Multi-Scale Multi-Task distillation for incremental 3D medical image segmentation

Authors: Mu Tian (Shenzhen University); Qinzhu Yang (Shenzhen University); Yi Gao (Shenzhen University)

Abstract: Automatic medical image segmentation is the core component for many clinical applications. Substantial number of deep learning based methods have been proposed in past years, but deploying such methods in practice faces certain difficulties, such as the acquisition of massive annotated data for training and the high latency of model iteration. In contrast to the conventional cycle of "data collection, offline training, model update", developing a system that continuously generates robust predictions will be critical. Recently, incremental learning was widely investigated for classification and semantic segmentation on 2D natural images. Existing work showed the effectiveness of data rehearsal and knowledge distillation in counteracting catastrophic forgetting. Inspired by these advances, we propose a multi-scale multi-task distillation framework for incremental learning with 3D medical images. Different from the task-incremental scenario in literature, our proposed strategy focuses on improving robustness against implicit data distribution shift. We introduce knowledge distillation as multi-task regularization to resolve prediction confusions. At each step, the network is instructed to learn towards both the new ground truth and the uncertainty weighted predictions from the previous model.
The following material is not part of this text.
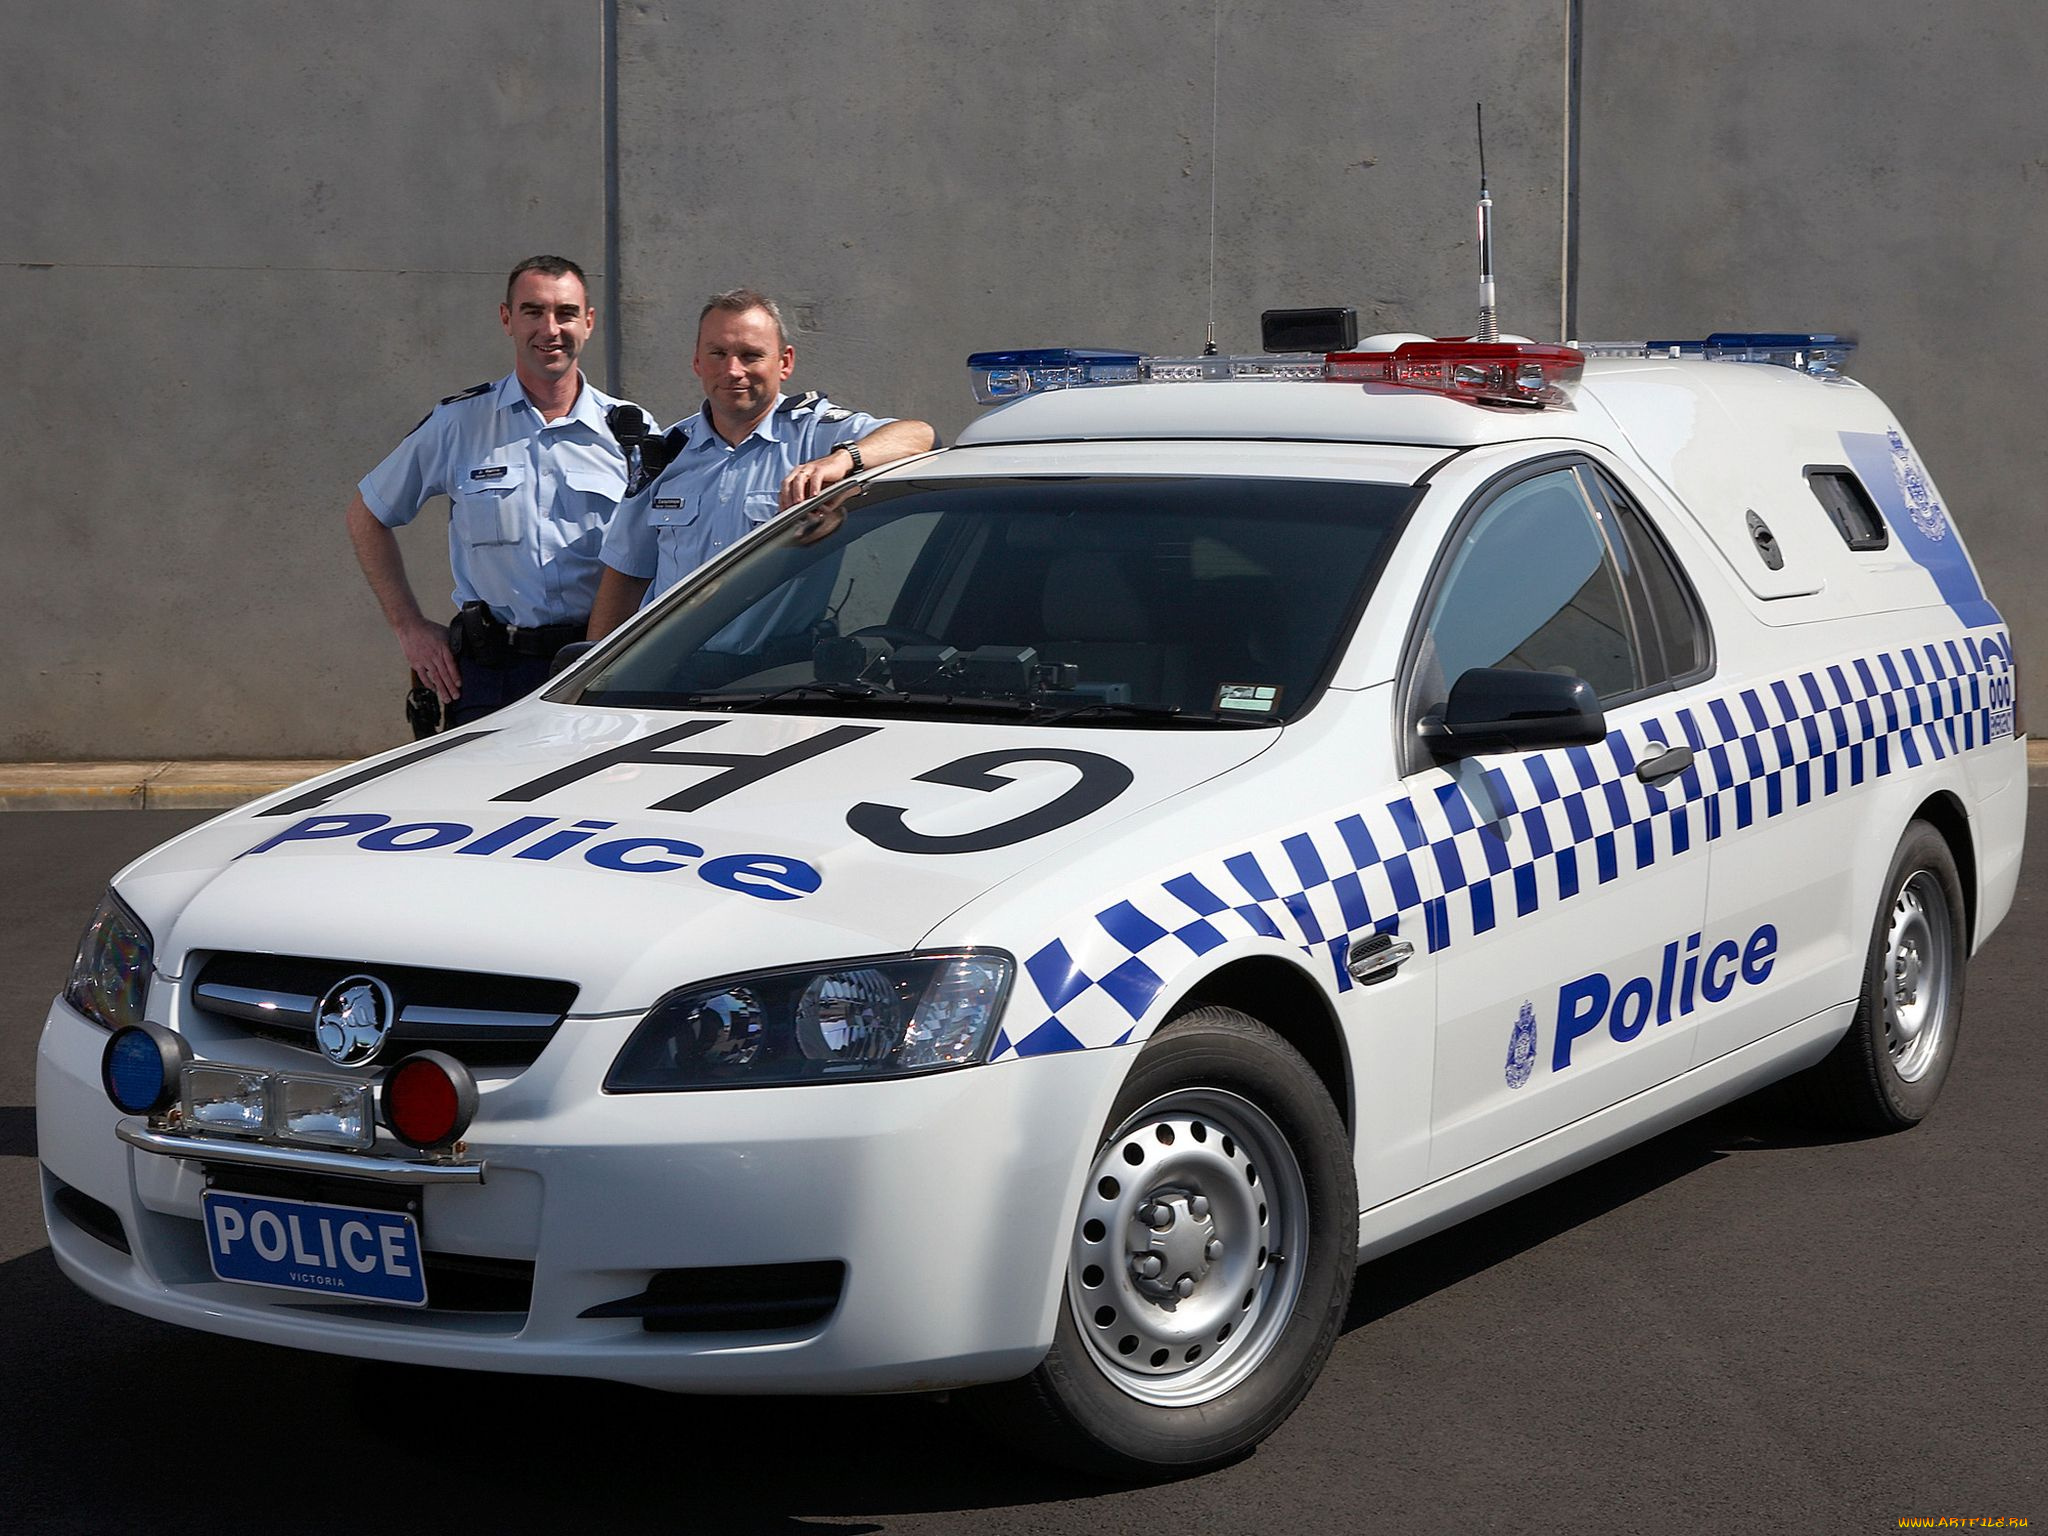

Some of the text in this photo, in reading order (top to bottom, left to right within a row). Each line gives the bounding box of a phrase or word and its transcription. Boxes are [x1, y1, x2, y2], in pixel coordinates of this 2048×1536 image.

[236, 813, 823, 901] Police
[1552, 923, 1778, 1073] Police
[213, 1205, 412, 1277] POLICE
[289, 1271, 345, 1288] VICTORIA
Simultaneously, image features at multiple scales in the segmentation network could participate in a contrastive learning scheme, aiming at more discriminant representations that inherit the past knowledge effectively. Experiments showed that our method improved overall continual learning robustness under the extremely challenging scenario of "seeing each image once in a batch of one" without any pre-training. In addition, the proposed method could work on top of any network architectures and existing incremental learning strategies. We also showed further improvements by combining our method with data rehearsal using a small buffer.